2. Data controller and rights of data subjects

   The controller of the processing of personal data is Peer Srl based in Via Bolzano 63 / A, Frangarto (BZ) - Italy (EU) - phone +39 0471 631080 - Website: www.peer.biz. Any data subject can contact this address to assert his or her right of information and access to personal data and the right to rectification of inaccurate personal data concerning him or her. If data concerning him or her are not processed for compliance with a legal obligation to which the controller is subject or necessary for the performance of a contract to which the data subject is party, he or she has the right to obtain the erasure or the restriction of processing; the right to object to their processing and to assert the right to data portability. When the legal basis of a data processing consists in the consent given by the data subject, he or she has the right to withdraw consent at any time. Furthermore, the interested party has the right to lodge a complaint with a supervisory authority according to the provisions of art. 51 of Regulation (EU) 2016/679.

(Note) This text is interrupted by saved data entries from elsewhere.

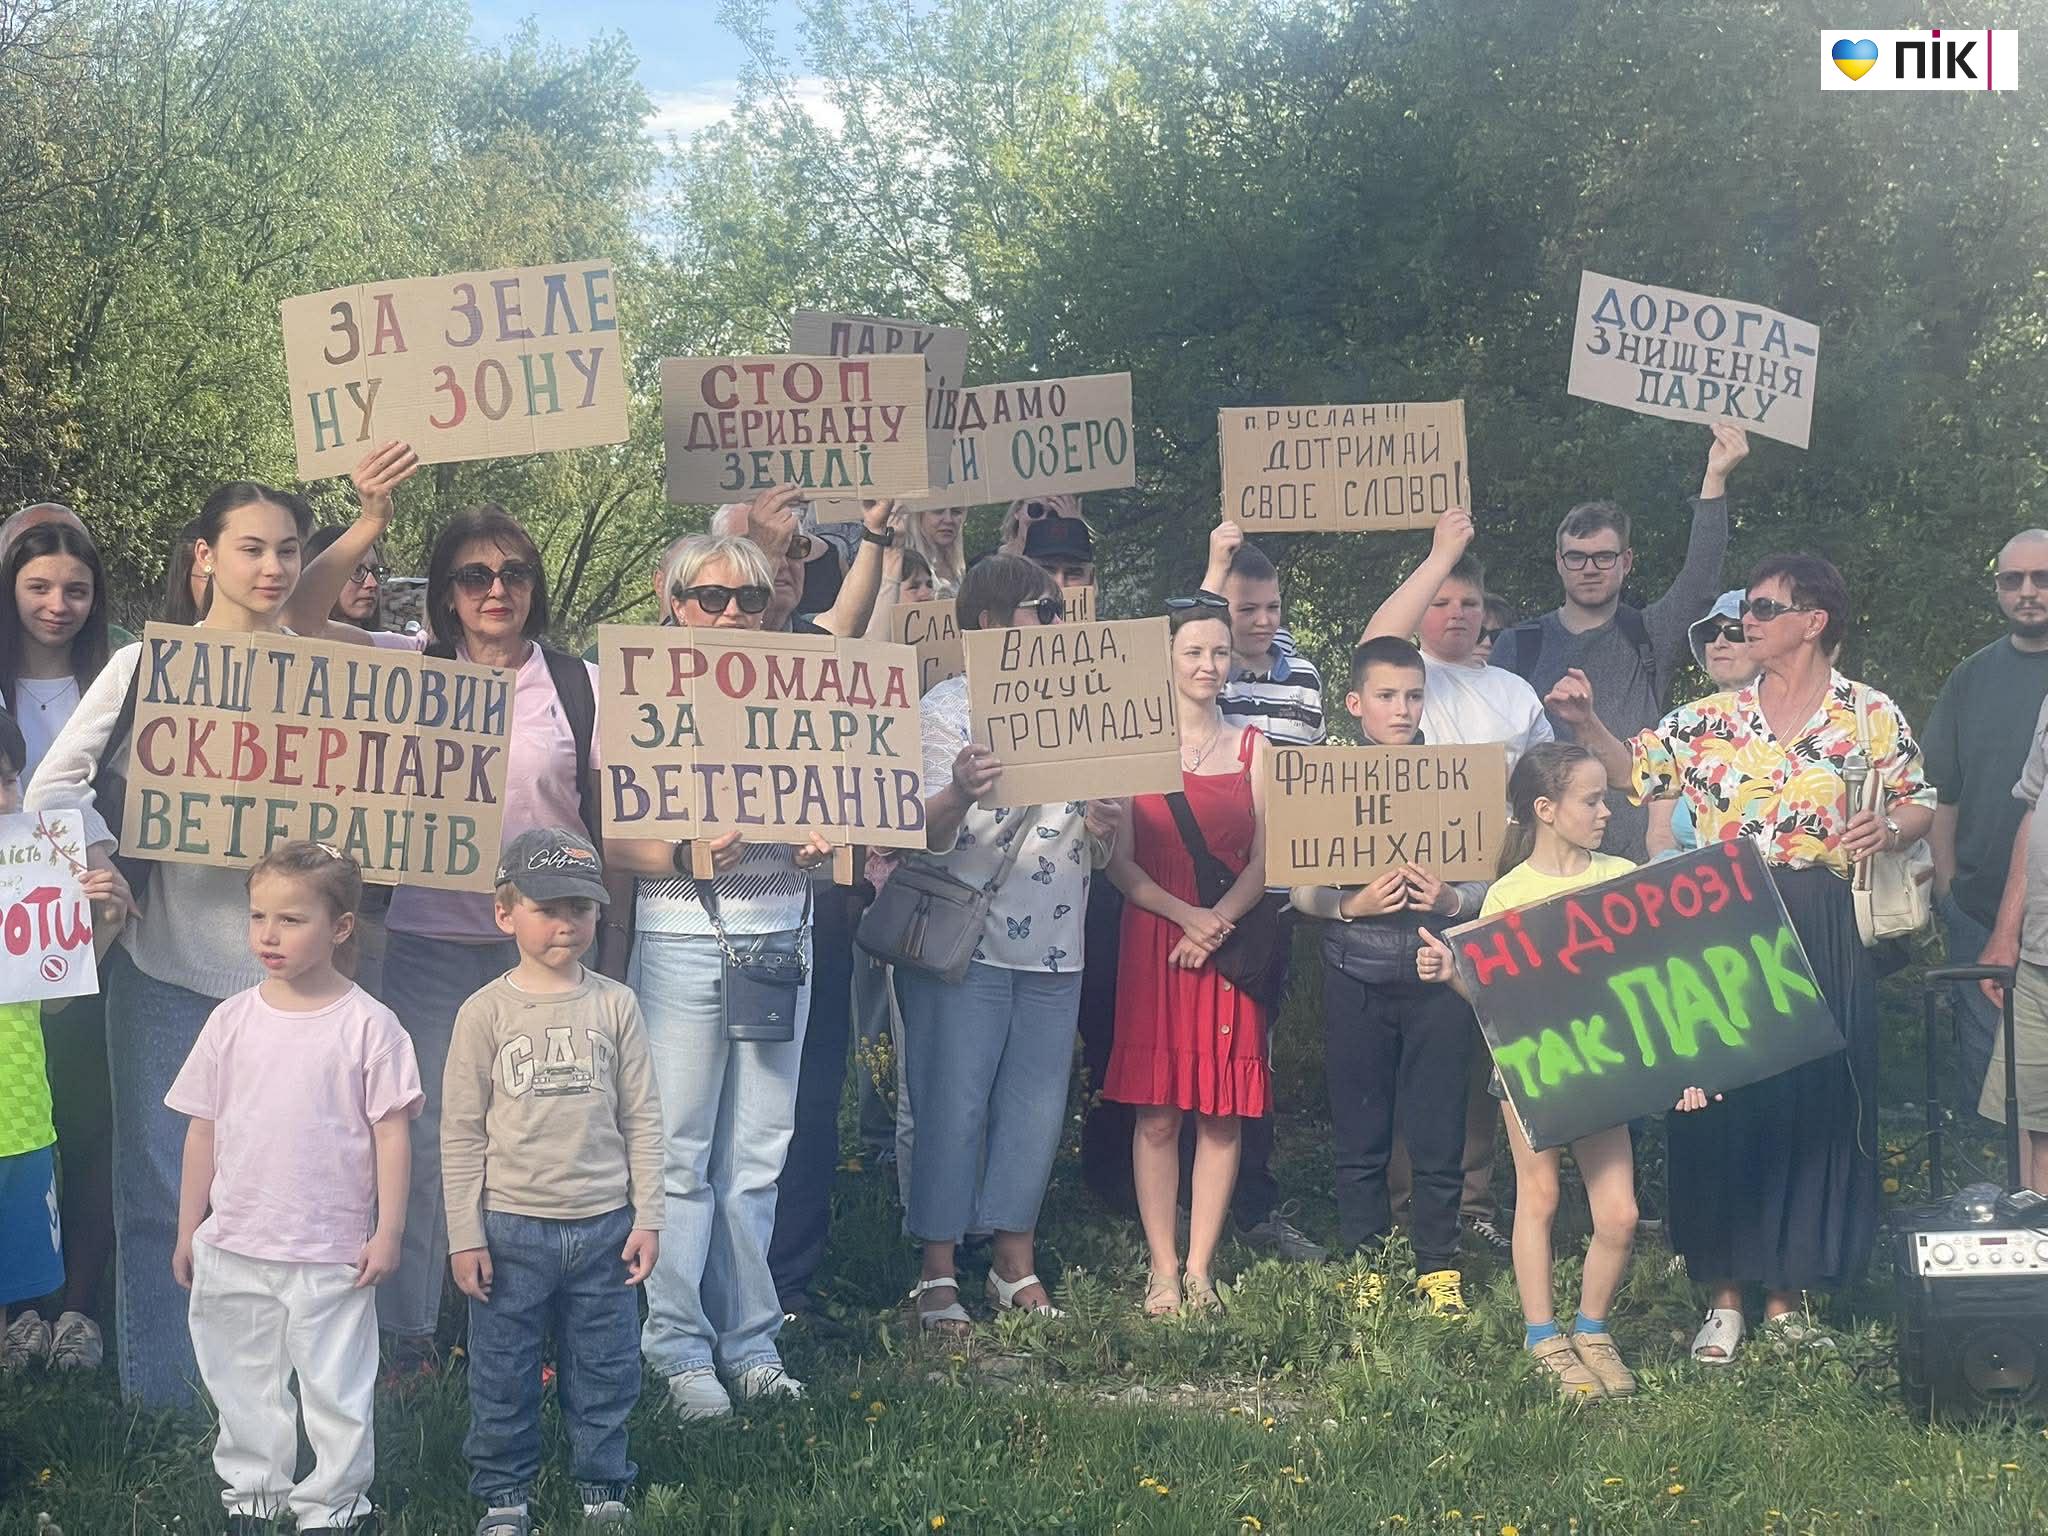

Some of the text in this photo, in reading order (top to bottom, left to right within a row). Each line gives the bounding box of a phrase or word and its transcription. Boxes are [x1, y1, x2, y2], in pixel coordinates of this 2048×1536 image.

[324, 269, 617, 366] ЗА ЗЕЛЕ
[701, 362, 873, 410] СТОП
[1586, 326, 1803, 399] ЗНИЩЕННЯ
[307, 347, 605, 452] НУ ЗОНУ
[958, 383, 1067, 434] ДАМО
[1636, 368, 1778, 423] ПАРКУ
[683, 405, 907, 453] ДЕРИБАНУ
[1012, 417, 1128, 480] ОЗЕРО
[1262, 424, 1440, 473] ДОТРИМАЙ
[1345, 460, 1464, 517] СЛОВО!
[904, 609, 962, 646] СЛА
[142, 638, 509, 737] КАШТАНОВИЙ
[619, 647, 911, 709] ГРОМАДА
[631, 703, 901, 758] ЗА ПАРК
[987, 679, 1177, 753] ГРОМАДУ!
[1291, 810, 1484, 869] ШАНХАЙ!
[1355, 794, 1394, 827] НЕ
[1493, 925, 1819, 1099] ТАК ПАРК
[500, 1026, 619, 1100] GAP
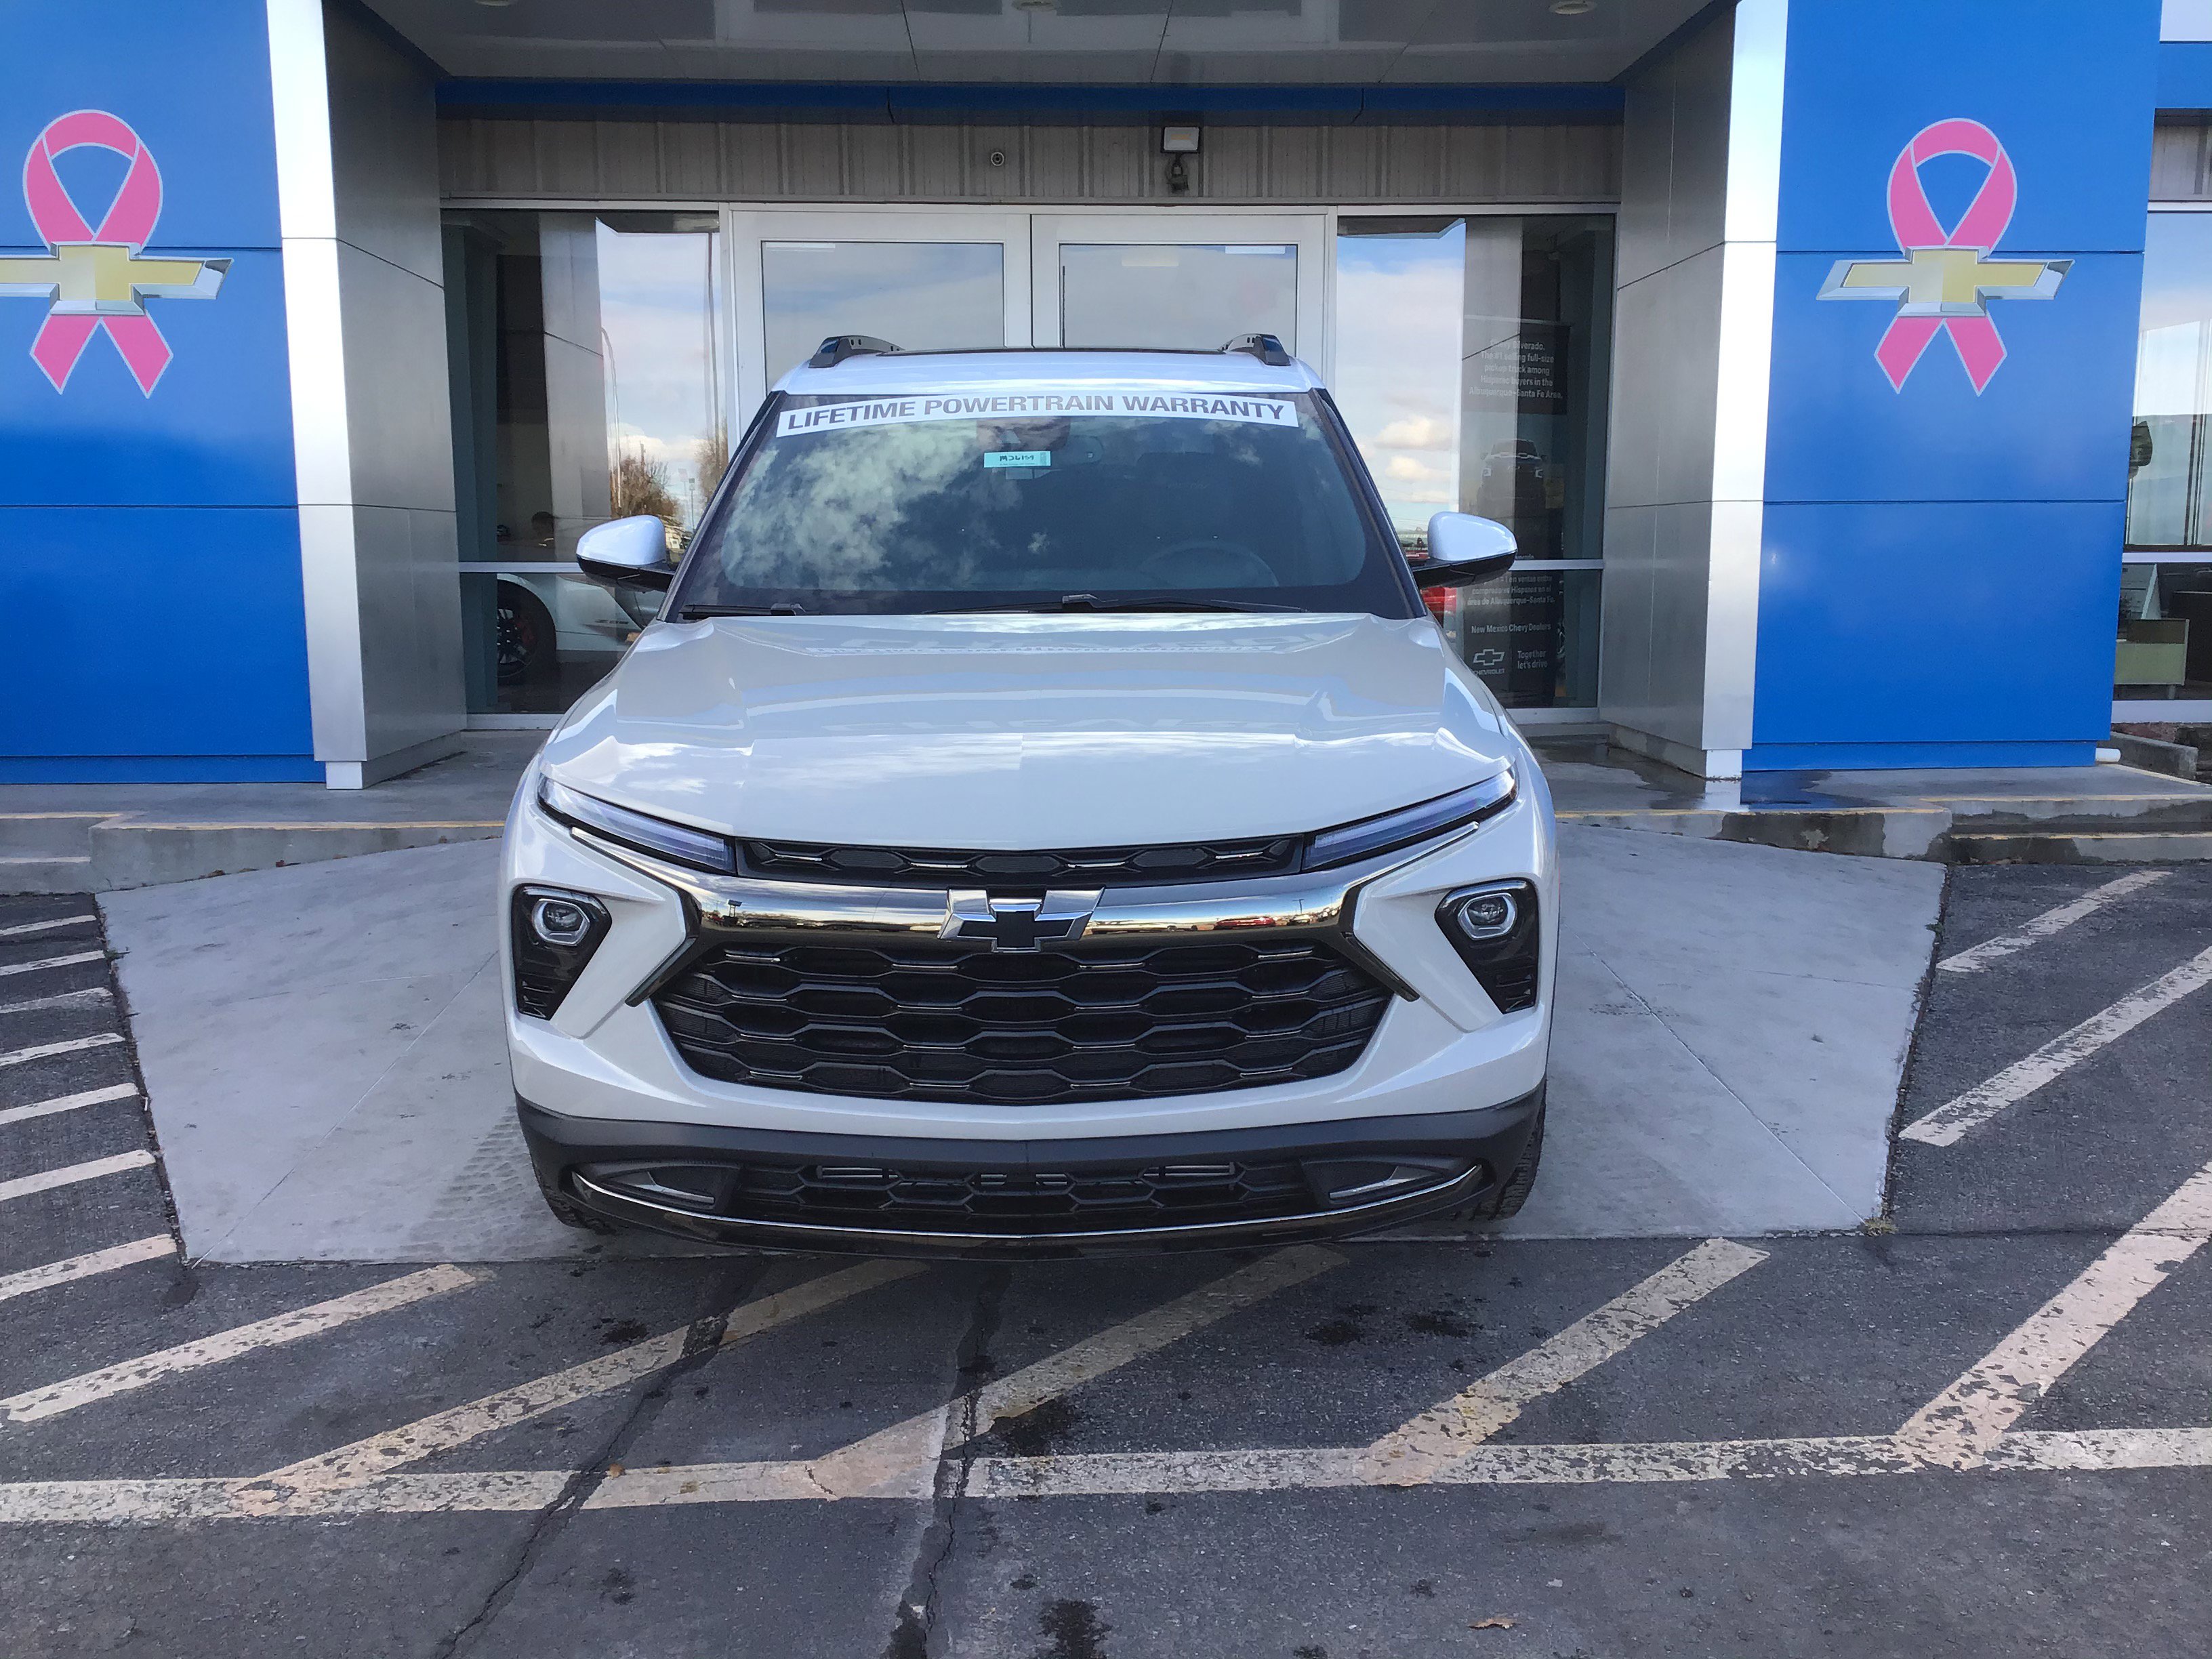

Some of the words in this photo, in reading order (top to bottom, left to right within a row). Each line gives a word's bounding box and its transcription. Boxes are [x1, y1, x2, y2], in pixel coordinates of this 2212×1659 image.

[1481, 351, 1494, 359] The
[1527, 353, 1555, 363] full-size
[1484, 363, 1507, 373] pickup
[1509, 365, 1526, 373] truck
[1527, 367, 1551, 376] among
[1480, 375, 1510, 386] Hispanic
[1511, 376, 1534, 387] buyers
[1534, 377, 1541, 386] in
[1542, 378, 1553, 387] the
[1536, 390, 1545, 398] Fe
[787, 401, 916, 430] LIFETIME
[924, 395, 1114, 415] POWERTRAIN
[1122, 396, 1284, 420] WARRANTY
[1481, 597, 1490, 605] de
[1471, 625, 1486, 634] New
[1486, 624, 1508, 633] Mexico
[1509, 623, 1528, 633] Chevy
[1529, 623, 1551, 631] Dealers
[1517, 649, 1546, 660] Together
[1517, 660, 1531, 670] let's
[1532, 660, 1548, 668] drive

3. List of the purposes of data processing of users of websites

   • Purposes a): Statistical survey of usage data for website optimization
     Data categories: Html page hits (web server log files), generated by a specific IP address and carried out by the same device. Since an IP address does not permit identification without being assigned to other personal data, we do not classify it as a personal date within the meaning of art. 4 of Regulation (EU) 2016/679. Peer Srl does not transfer IP address data to third parties and does not own or acquire data from third parties that can make users identifiable.

   • Purpose b): Transfer of user contact data to the accommodation selected by the user
     Data categories: User contact details (Name, e-mail address, postal address, various notes) and information on the accommodation request (rooms, age of children following, holiday dates) or, for the brochure request, postal address for sending the printed brochure. Legal basis: Performance of a contract to which the data subject is party or in order to take steps at the request of the data subject prior to entering into a contract (Article 6, paragraph 1, letter b of Regulation (EU) 2016/679). Peer Srl is active as data processor, while the client (accommodation business) is the data controller. If the data controller intends to use the data acquired in this context for purposes other than or further than the direct response to the request of the data subject, he or she needs a legal basis, for example a declaration of consent by the data subject, to process his personal data for another specified purpose. Duration: A temporary storage of personal data by Peer srl is necessary until the receiving accomodation confirms receipt, as well as for a further period of time, to allow the recovery of data in case of loss. After this time lapse of security, personal data saved at Peer srl are deleted from their systems.

   • Purpose c): Sending a newsletter to subscribers of the newsletter service
     Data categories: e-mail address, name, preferences on themes and locations or holiday areas. Legal basis: Performance of a contract to which the data subject is party (Article 6, paragraph 1, letter b of Regulation (EU) 2016/679). Duration of the processing: Upon conclusion of the contract, the data subject is informed that he or she can terminate the contract at any time and his data will be deleted as a result. The termination of the contract and deletion of personal data takes place via the same path as the contract signing and is not more complex for the data subject.